What you return should match the data word for word, minus the images.
*** Provided material ***
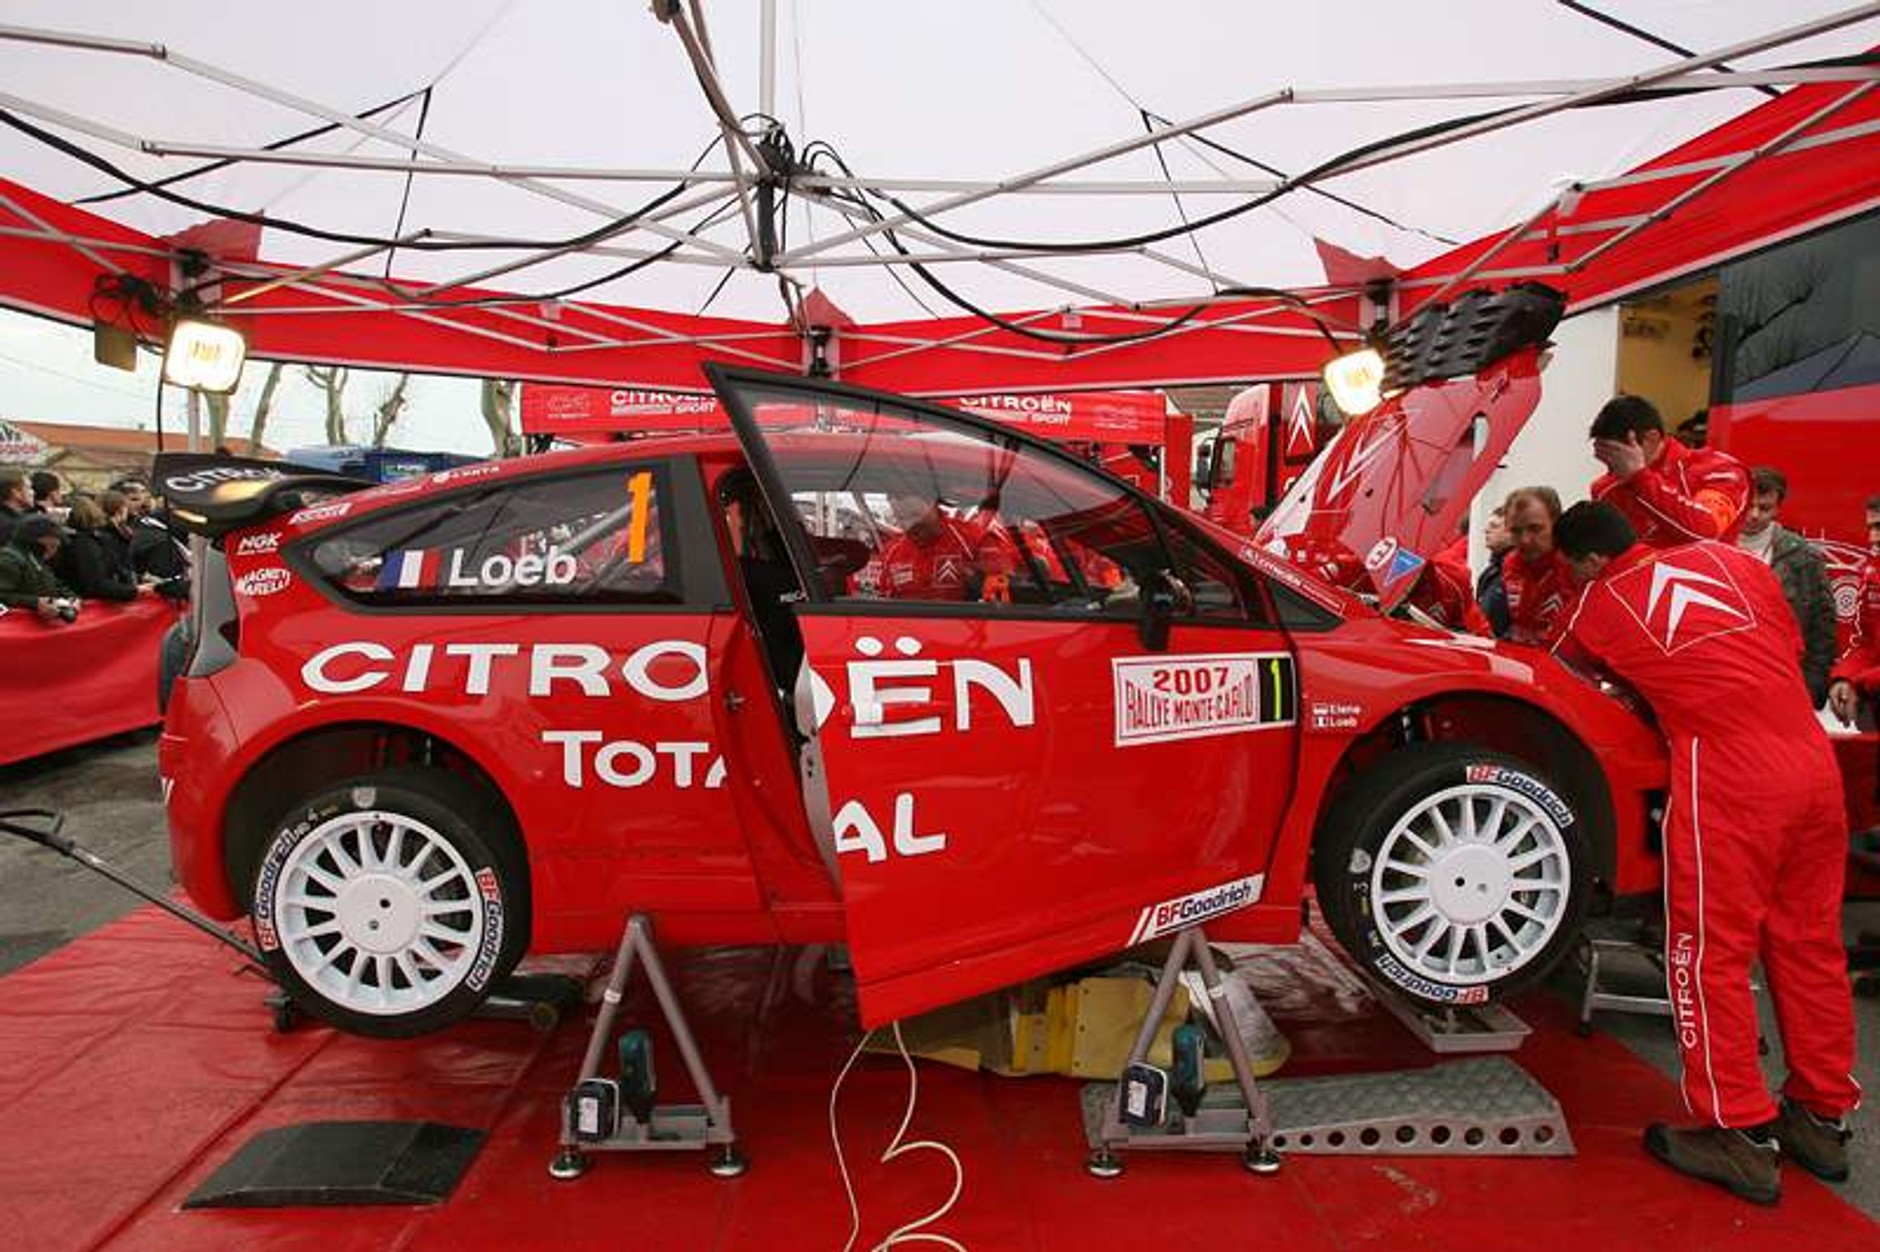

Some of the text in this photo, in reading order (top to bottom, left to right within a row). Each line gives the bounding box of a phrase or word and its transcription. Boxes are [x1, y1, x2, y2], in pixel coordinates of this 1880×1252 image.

[239, 533, 282, 551] NGK
[627, 472, 652, 564] 1
[450, 546, 577, 587] Loeb
[1126, 680, 1170, 729] RALLYE
[1153, 667, 1229, 696] 2007
[1270, 658, 1283, 721] 1
[1330, 716, 1358, 728] Loeb
[1468, 766, 1573, 827] BFGoodrich
[256, 829, 298, 949] BFGoodrich
[1156, 884, 1251, 927] BFGoodrich
[468, 867, 503, 990] BFGoodrich
[1376, 954, 1487, 1004] BFGoodrich
[1671, 932, 1698, 1049] CITROËN
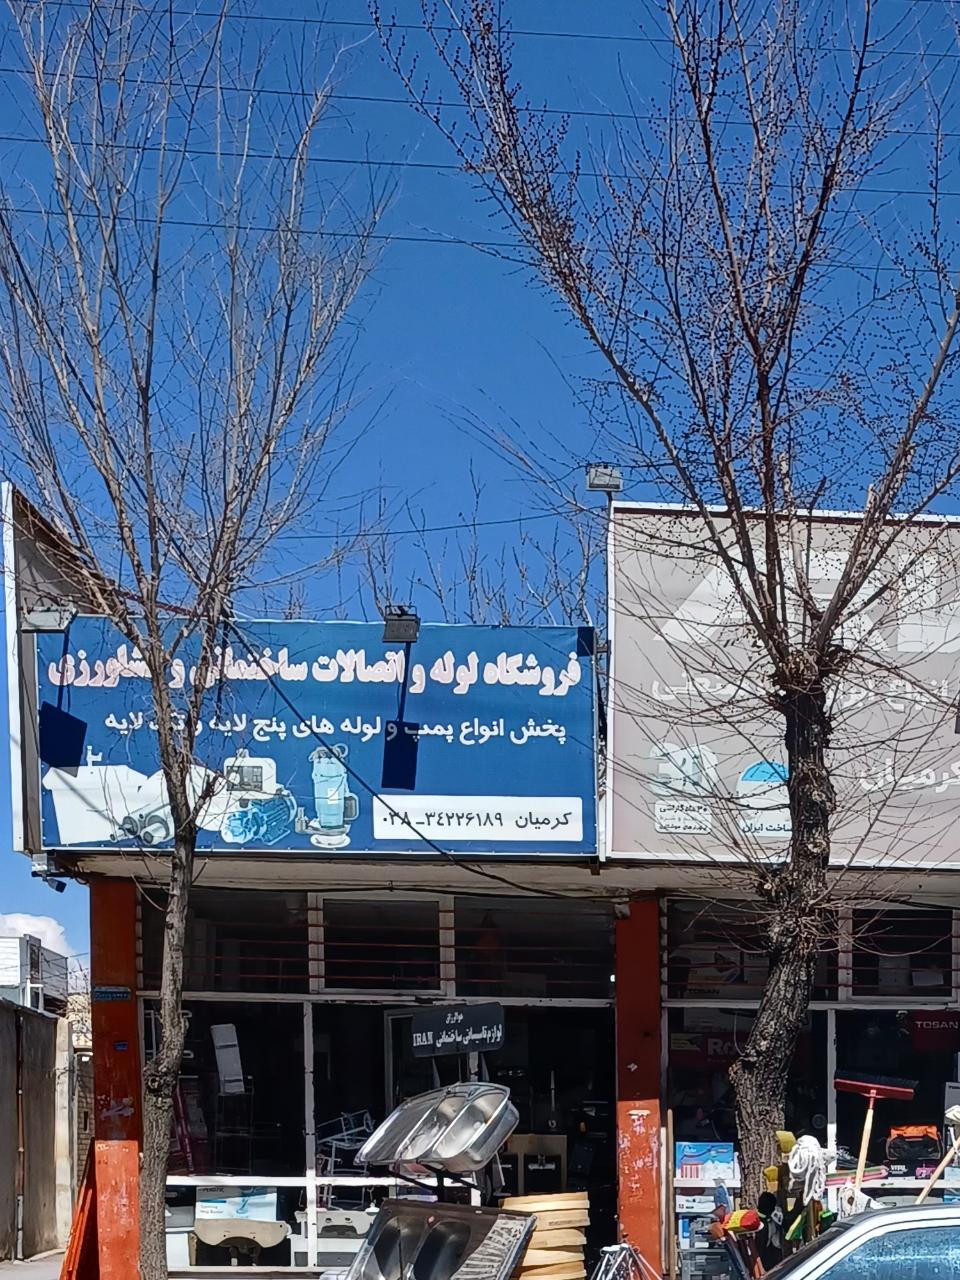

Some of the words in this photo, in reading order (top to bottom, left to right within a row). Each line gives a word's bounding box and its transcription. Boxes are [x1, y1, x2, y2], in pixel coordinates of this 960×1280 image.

[48, 643, 162, 688] شاورزی
[168, 658, 186, 689] و
[188, 647, 309, 688] ساختمانی
[312, 649, 405, 683] اتصالات
[430, 651, 479, 694] لوله
[483, 652, 582, 696] فروشگاه
[409, 663, 426, 694] و
[104, 711, 143, 735] لایه
[209, 712, 247, 736] لایه
[252, 716, 286, 741] پنج
[292, 714, 335, 738] های
[340, 716, 381, 742] لوله
[387, 723, 398, 740] و
[404, 721, 454, 743] پمپ
[459, 717, 504, 745] انواع
[510, 717, 567, 744] پخش
[515, 812, 572, 830] کرمیان
[766, 823, 793, 832] اخت
[914, 1020, 959, 1029] TOSAN
[412, 1031, 434, 1047] IRAN
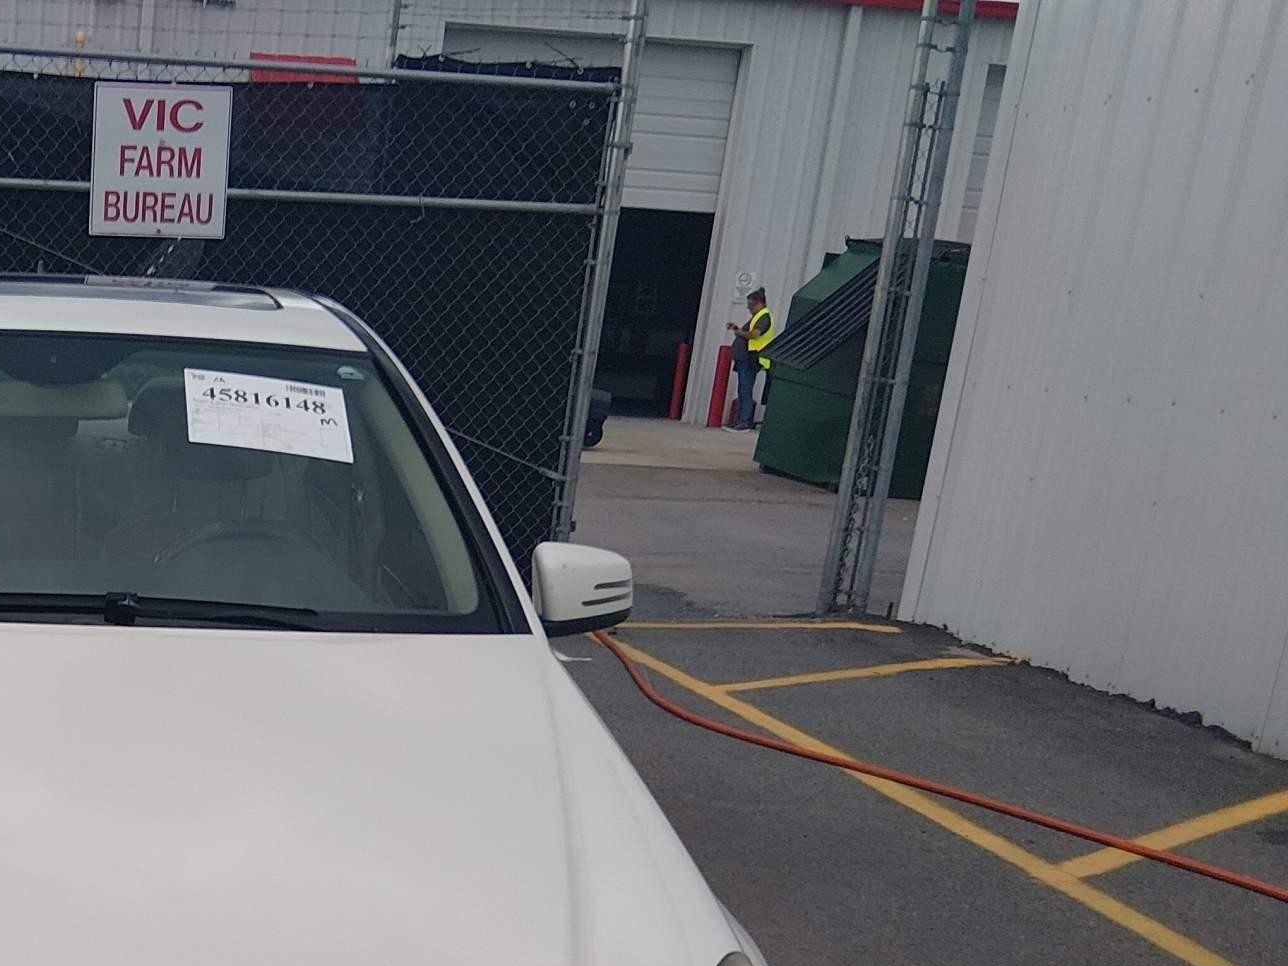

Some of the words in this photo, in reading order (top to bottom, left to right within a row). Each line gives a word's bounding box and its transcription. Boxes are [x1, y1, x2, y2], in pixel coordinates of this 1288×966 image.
*** End of Provided material ***
# Answer section
Some of the text in this photo, in reading order (top to bottom, left to right within a row). Each line gives the bounding box of a phrase or word and its transcription. Boxes are [x1, y1, x2, y2], in pixel coordinates of this 1880×1252 image.

[239, 533, 282, 551] NGK
[627, 472, 652, 564] 1
[450, 546, 577, 587] Loeb
[1126, 680, 1170, 729] RALLYE
[1153, 667, 1229, 696] 2007
[1270, 658, 1283, 721] 1
[1330, 716, 1358, 728] Loeb
[1468, 766, 1573, 827] BFGoodrich
[256, 829, 298, 949] BFGoodrich
[1156, 884, 1251, 927] BFGoodrich
[468, 867, 503, 990] BFGoodrich
[1376, 954, 1487, 1004] BFGoodrich
[1671, 932, 1698, 1049] CITROËN

Some of the words in this photo, in reading order (top to bottom, left to right within a row). Each line gives a word's bounding box and its transcription. Boxes are [x1, y1, x2, y2], in pixel coordinates of this 960×1280 image.

[48, 643, 162, 688] شاورزی
[168, 658, 186, 689] و
[188, 647, 309, 688] ساختمانی
[312, 649, 405, 683] اتصالات
[430, 651, 479, 694] لوله
[483, 652, 582, 696] فروشگاه
[409, 663, 426, 694] و
[104, 711, 143, 735] لایه
[209, 712, 247, 736] لایه
[252, 716, 286, 741] پنج
[292, 714, 335, 738] های
[340, 716, 381, 742] لوله
[387, 723, 398, 740] و
[404, 721, 454, 743] پمپ
[459, 717, 504, 745] انواع
[510, 717, 567, 744] پخش
[515, 812, 572, 830] کرمیان
[766, 823, 793, 832] اخت
[914, 1020, 959, 1029] TOSAN
[412, 1031, 434, 1047] IRAN

Some of the words in this photo, in reading order (top to bottom, left to right within a row). Each line gives a word's bounding box and its transcription. Boxes are [x1, y1, x2, y2], in pixel coordinates of this 1288×966 image.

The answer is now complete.